▶ **Task input**:
*** Block opens ***

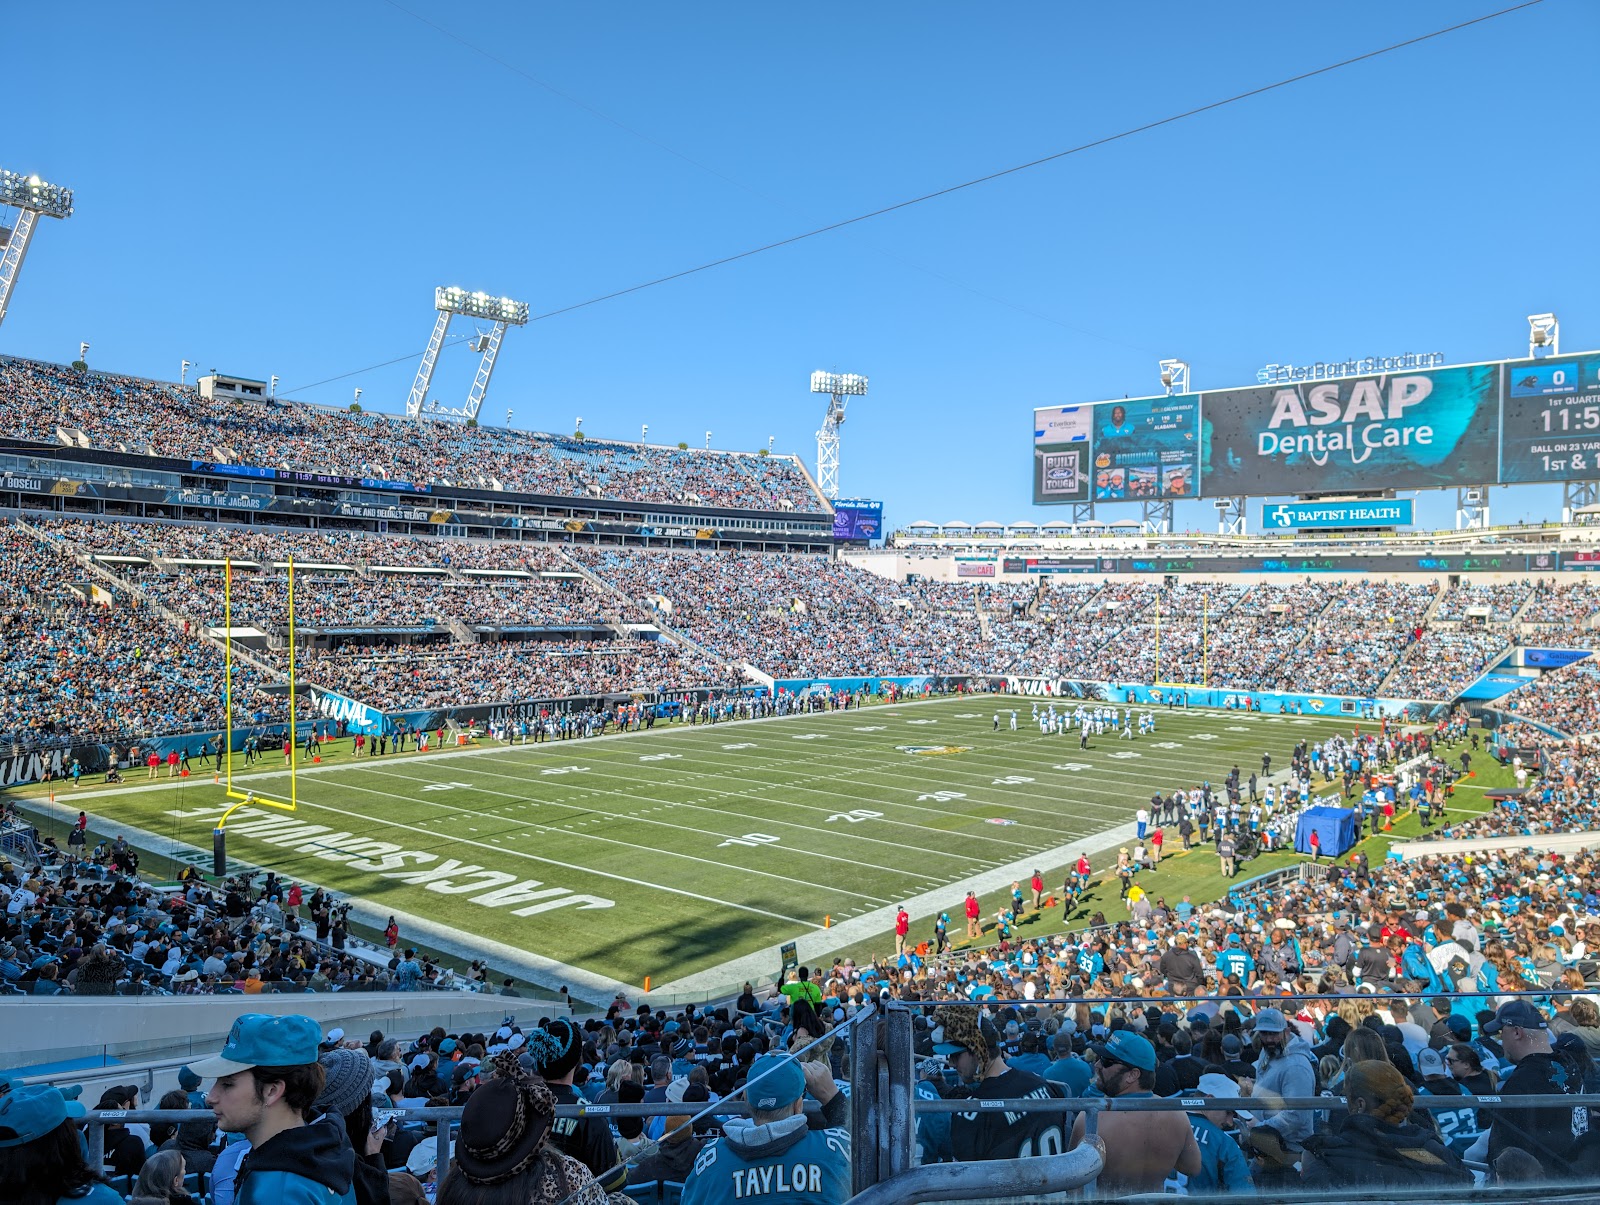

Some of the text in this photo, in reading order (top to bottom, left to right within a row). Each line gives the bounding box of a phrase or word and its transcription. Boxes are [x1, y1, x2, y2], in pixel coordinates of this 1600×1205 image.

[1275, 352, 1444, 381] EverBank Stadium
[1552, 370, 1566, 386] 0
[1268, 375, 1433, 429] ASAP
[1257, 423, 1434, 456] Dental Care
[1531, 445, 1552, 454] BALL
[1554, 444, 1568, 452] ON
[1568, 443, 1580, 451] 23
[1047, 456, 1075, 468] BUILT
[1571, 453, 1587, 469] &
[279, 471, 291, 479] 1ST
[295, 473, 313, 481] 11:57
[7, 478, 41, 491] BOSELLI
[1046, 479, 1075, 489] TOUGH
[179, 492, 260, 508] PRIDE OF THE JAGUARS
[363, 507, 376, 517] AND
[1298, 508, 1400, 522] BAPTIST HEALTH
[977, 566, 994, 575] CAFE
[539, 765, 591, 776] 20
[419, 781, 473, 793] 10
[915, 790, 967, 802] 30
[824, 809, 884, 823] 20
[716, 832, 780, 847] 10
[1230, 961, 1245, 978] 16
[732, 1163, 823, 1199] TAYLOR
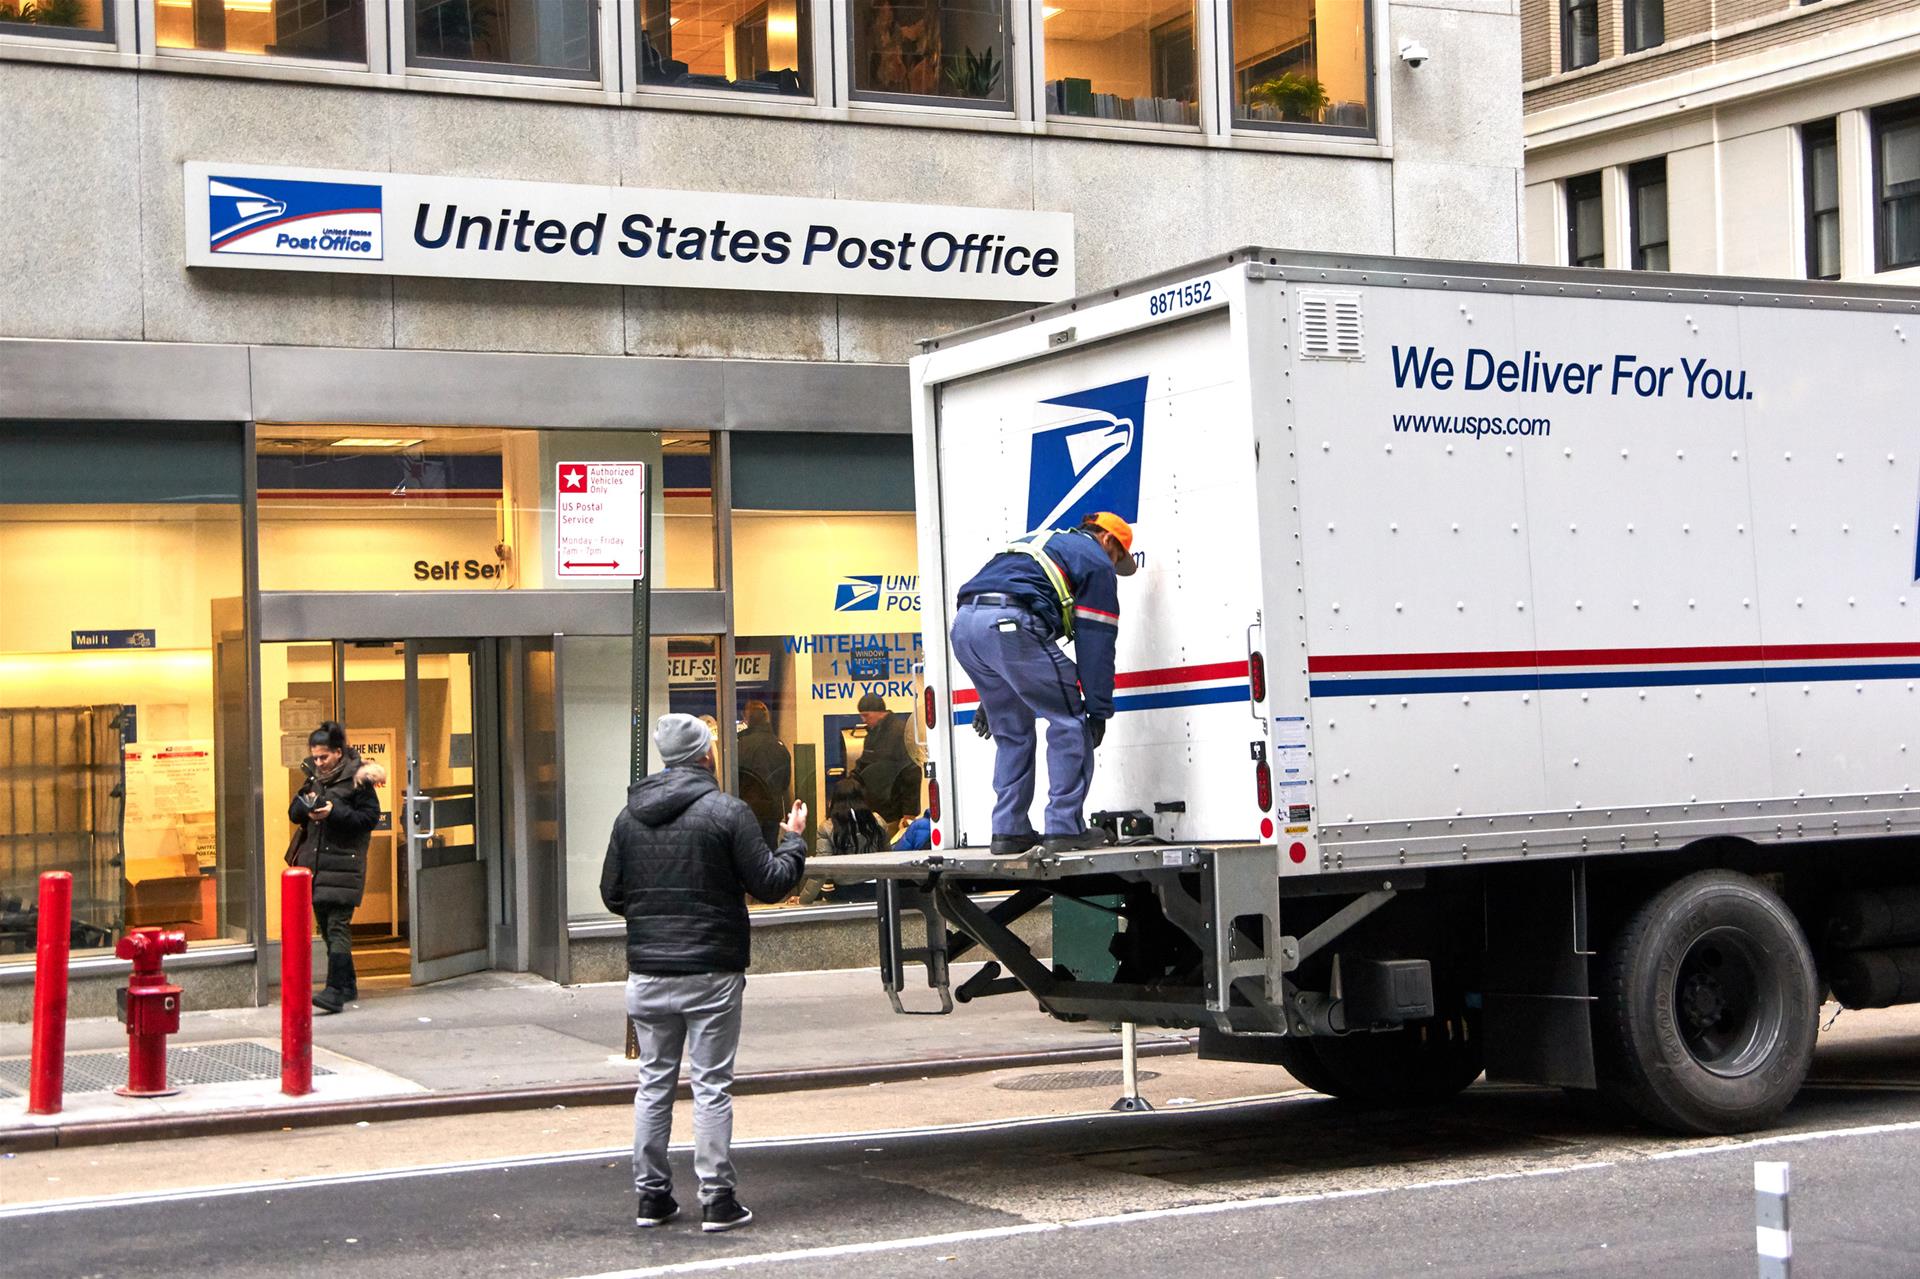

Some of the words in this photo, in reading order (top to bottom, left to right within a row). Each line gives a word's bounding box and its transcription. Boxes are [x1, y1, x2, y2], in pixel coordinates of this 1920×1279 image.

[276, 233, 317, 249] Post
[319, 235, 372, 252] Office
[413, 203, 607, 256] United
[617, 213, 792, 265] States
[802, 224, 916, 271] Post
[920, 231, 1060, 278] Office
[1150, 280, 1212, 316] 8871552
[1391, 345, 1454, 390] We
[1464, 348, 1602, 395] Deliver
[1611, 354, 1674, 397] For
[1680, 357, 1753, 400] You.
[1392, 414, 1551, 440] www.usps.com
[590, 468, 635, 476] Authorized
[590, 476, 624, 485] Vehicles
[590, 485, 608, 494] Only
[562, 502, 574, 511] US
[576, 502, 603, 511] Postal
[562, 515, 594, 524] Service
[562, 536, 592, 545] Monday
[600, 536, 625, 545] Friday
[563, 547, 578, 555] 7am
[586, 546, 602, 555] 7pm
[414, 560, 459, 581] Self
[886, 575, 920, 591] UNI
[76, 635, 98, 645] Mail
[102, 635, 109, 645] it
[783, 633, 906, 654] WHITEHALL
[831, 660, 838, 676] 1
[812, 683, 855, 700] NEW
[353, 744, 366, 754] THE
[368, 743, 386, 754] NEW
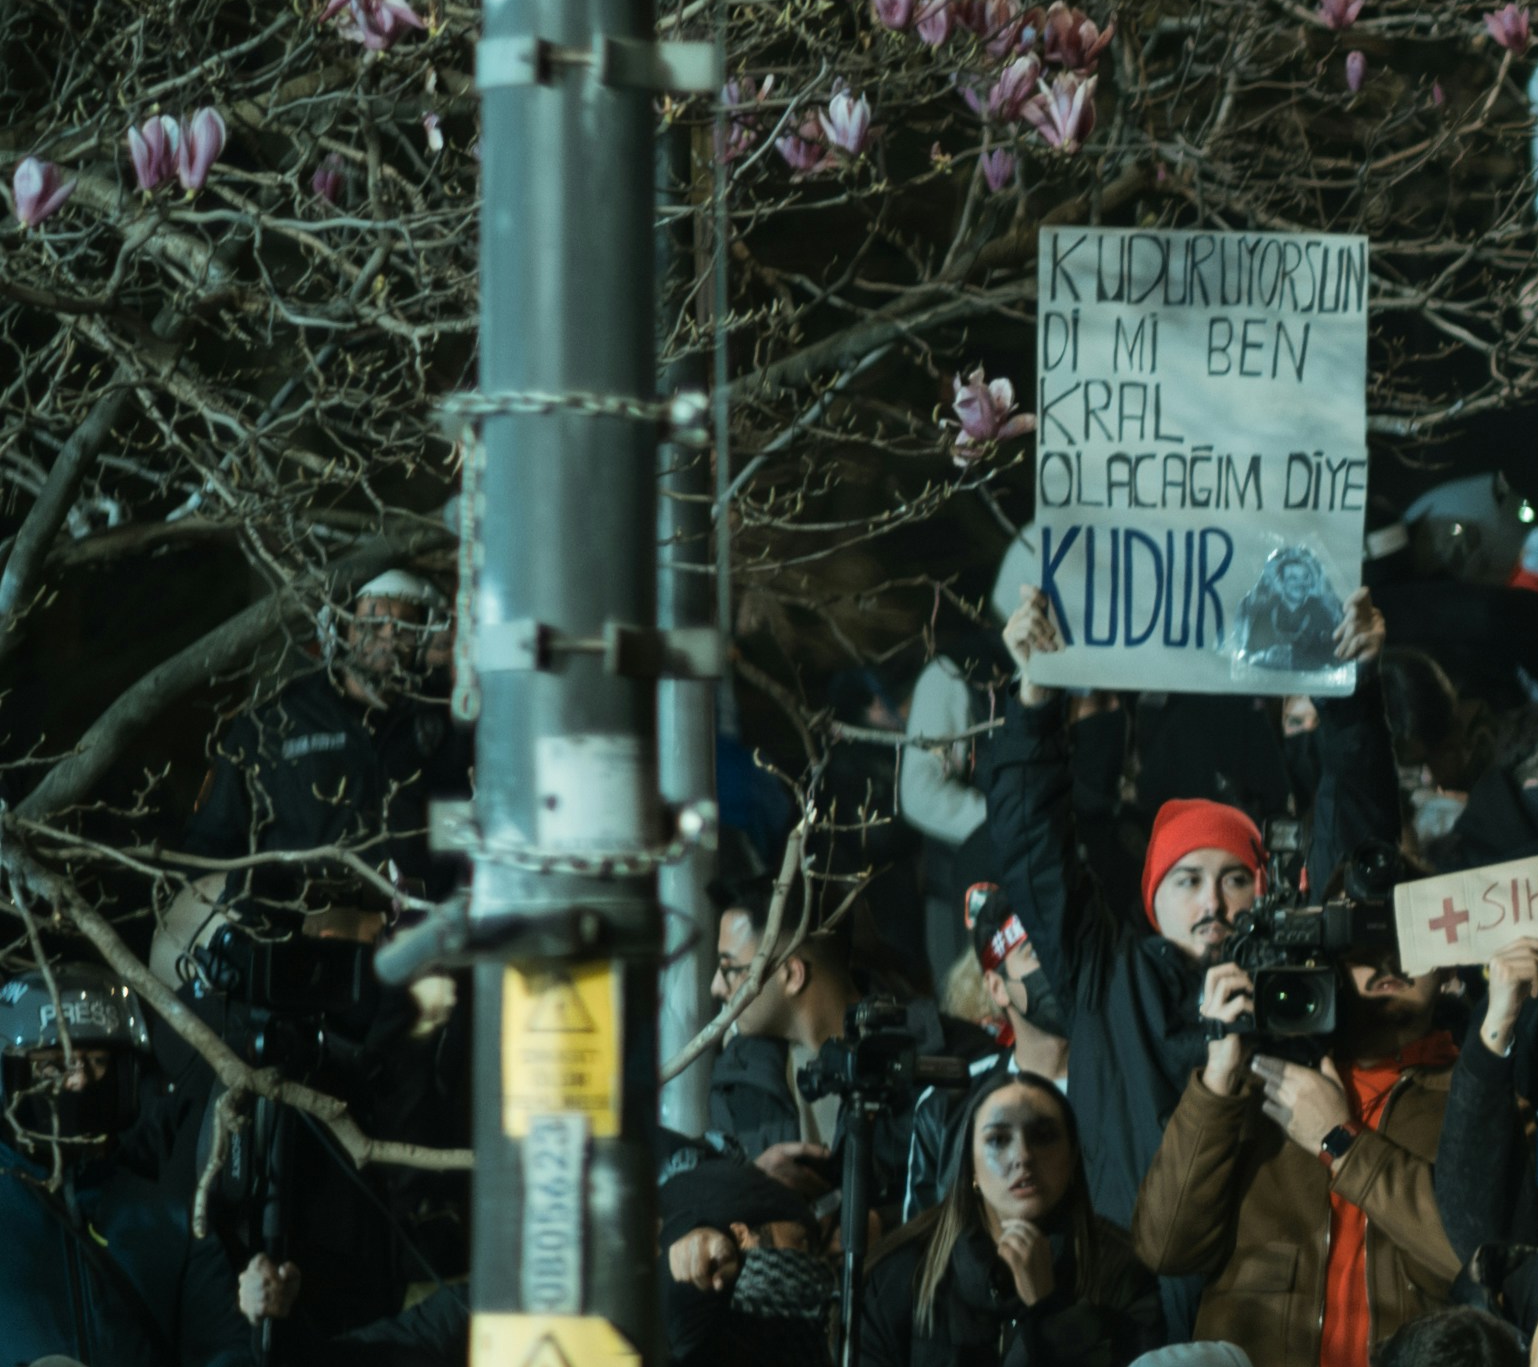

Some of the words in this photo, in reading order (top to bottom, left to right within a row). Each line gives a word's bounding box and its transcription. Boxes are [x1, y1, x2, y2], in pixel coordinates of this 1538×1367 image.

*** Block closes ***

▶ **Exercise directions**:
All of the records must come back exactly as they stand, minus every picture.

▶ **Solution**:
Some of the text in this photo, in reading order (top to bottom, left to right within a row). Each line gives the bounding box of a phrase or word and its transcription. Boxes are [x1, y1, x2, y2], in pixel coordinates of this 1600×1205 image.

[1275, 352, 1444, 381] EverBank Stadium
[1552, 370, 1566, 386] 0
[1268, 375, 1433, 429] ASAP
[1257, 423, 1434, 456] Dental Care
[1531, 445, 1552, 454] BALL
[1554, 444, 1568, 452] ON
[1568, 443, 1580, 451] 23
[1047, 456, 1075, 468] BUILT
[1571, 453, 1587, 469] &
[279, 471, 291, 479] 1ST
[295, 473, 313, 481] 11:57
[7, 478, 41, 491] BOSELLI
[1046, 479, 1075, 489] TOUGH
[179, 492, 260, 508] PRIDE OF THE JAGUARS
[363, 507, 376, 517] AND
[1298, 508, 1400, 522] BAPTIST HEALTH
[977, 566, 994, 575] CAFE
[539, 765, 591, 776] 20
[419, 781, 473, 793] 10
[915, 790, 967, 802] 30
[824, 809, 884, 823] 20
[716, 832, 780, 847] 10
[1230, 961, 1245, 978] 16
[732, 1163, 823, 1199] TAYLOR

Some of the words in this photo, in reading order (top to bottom, left to right within a row). Each line gives a word's bounding box and its transcription. Boxes are [x1, y1, x2, y2], in pixel coordinates of this 1920×1279 image.

[276, 233, 317, 249] Post
[319, 235, 372, 252] Office
[413, 203, 607, 256] United
[617, 213, 792, 265] States
[802, 224, 916, 271] Post
[920, 231, 1060, 278] Office
[1150, 280, 1212, 316] 8871552
[1391, 345, 1454, 390] We
[1464, 348, 1602, 395] Deliver
[1611, 354, 1674, 397] For
[1680, 357, 1753, 400] You.
[1392, 414, 1551, 440] www.usps.com
[590, 468, 635, 476] Authorized
[590, 476, 624, 485] Vehicles
[590, 485, 608, 494] Only
[562, 502, 574, 511] US
[576, 502, 603, 511] Postal
[562, 515, 594, 524] Service
[562, 536, 592, 545] Monday
[600, 536, 625, 545] Friday
[563, 547, 578, 555] 7am
[586, 546, 602, 555] 7pm
[414, 560, 459, 581] Self
[886, 575, 920, 591] UNI
[76, 635, 98, 645] Mail
[102, 635, 109, 645] it
[783, 633, 906, 654] WHITEHALL
[831, 660, 838, 676] 1
[812, 683, 855, 700] NEW
[353, 744, 366, 754] THE
[368, 743, 386, 754] NEW

Some of the words in this photo, in reading order (top to bottom, left to right within a row). Each line gives a word's bounding box and its transcription. Boxes are [x1, y1, x2, y2], in pixel coordinates of this 1538×1367 image.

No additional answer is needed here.